In this forceful combination of strength and speed we call it muscular power or explosive power. Power is nothing except the product of speed and force.

P=SxS Therefore any decrease in one of the variables (power or strength) results in a drop in the generated power and hence a fall in performance. To maximise the use of power in futsal we must monitor the development of muscle strength throughout the season, with a continuous and permanent control of these physical qualities as well having good monitoring of the performance of our athletes. It is suggested that the gathering of this information is always performed in the most intense workouts of the week, preferably technical in nature (teamwork, kicks marking, etc. ...). This is because the physical sessions are controlled you’re your own prescription (time, speed, distance, etc.).

Using Platform Bosco or Ergo-Jump The most reliable instrument to measure the ability to jump, based on the stretch shortening cycle is the force platform or Bosco Ergo-Jump, although this method has a margin of error when used incorrectly. The jump is calculated immediately on the platform through a computer with software that calculates the flight time of the jump. It is possible to also measure, through the platform, the time of contact with the ground. This is very useful when performing protocols that require multiple jumps. Some protocols were designed to be used in platform heels but for our use in Futsal we took the test for reference in ABALAKOV. This test consists of a vertical jump with the use of arms, creating momentum, and the bending of the legs. Methods Used to Control Heels When I decided to utilise platform jump results to control training I ensured there was a standard criteria of measures to be adopted to ensure the comparability of the data collected. The following is the step by step protocol that are carried when testing athletes. Stretching - static stretching exercises for all muscle groups muscle, around 10 to 12 exercises


Standardized warming - warm up and volume with the same intensity in all the sessions where the data will be collected (around 15 minutes); Meet the criteria of the protocol - follow the principles proposed by ABALAKOV test, using the arms and legs flexed to create a counter movement; Standardize the period of sessions - pursue a sequence of jumps taken during the season always the same periods (morning or afternoon or evening) preferably in similar hours; Measures at the beginning and end of training - Two jumps attempts are made in two seperate periods, one shortly after warming up and another immediately after the end of the main part of training (4 jumps, 2 at the beginning and other 2 at the end); Use the average of jumps - Use the mean average of the initial two jumps (jump in) and the final two jumps (jumping out); Encourage athletes - we should encourage athletes to take the jump to the best of their abilities especially at the end of training because of fatigue acquired during the training session. Make sure that the jump was performed with maximum effort.

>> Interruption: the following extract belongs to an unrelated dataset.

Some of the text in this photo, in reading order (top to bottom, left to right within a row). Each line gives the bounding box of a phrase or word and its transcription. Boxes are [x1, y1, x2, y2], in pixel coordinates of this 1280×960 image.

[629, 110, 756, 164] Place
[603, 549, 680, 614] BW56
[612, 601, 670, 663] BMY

Conclusion During the last two seasons in which I have monitored explosive power at training through jumps relevant new information has emerged and the possibilities have increased. This article is not intended to give a definitive conclusion but rather encourage even more to be explored and it is up to us professionals in physical preparation to make adjustments according to the various realities of the teams in which we operate around the world. We need to collect more and more data, allowing the exchange of information with other professionals, improving the utilisation of control and validate its use and others that may be idealised. It is then invited to exchange ideas and implementation of research for growth of futsal around the world, so we can have more data and relevant information. It will allow work with scientific foundations as part of the everyday routine of teams and, hopefully soon, will help futsal achieve the dream ticket and become a Olympic Sport.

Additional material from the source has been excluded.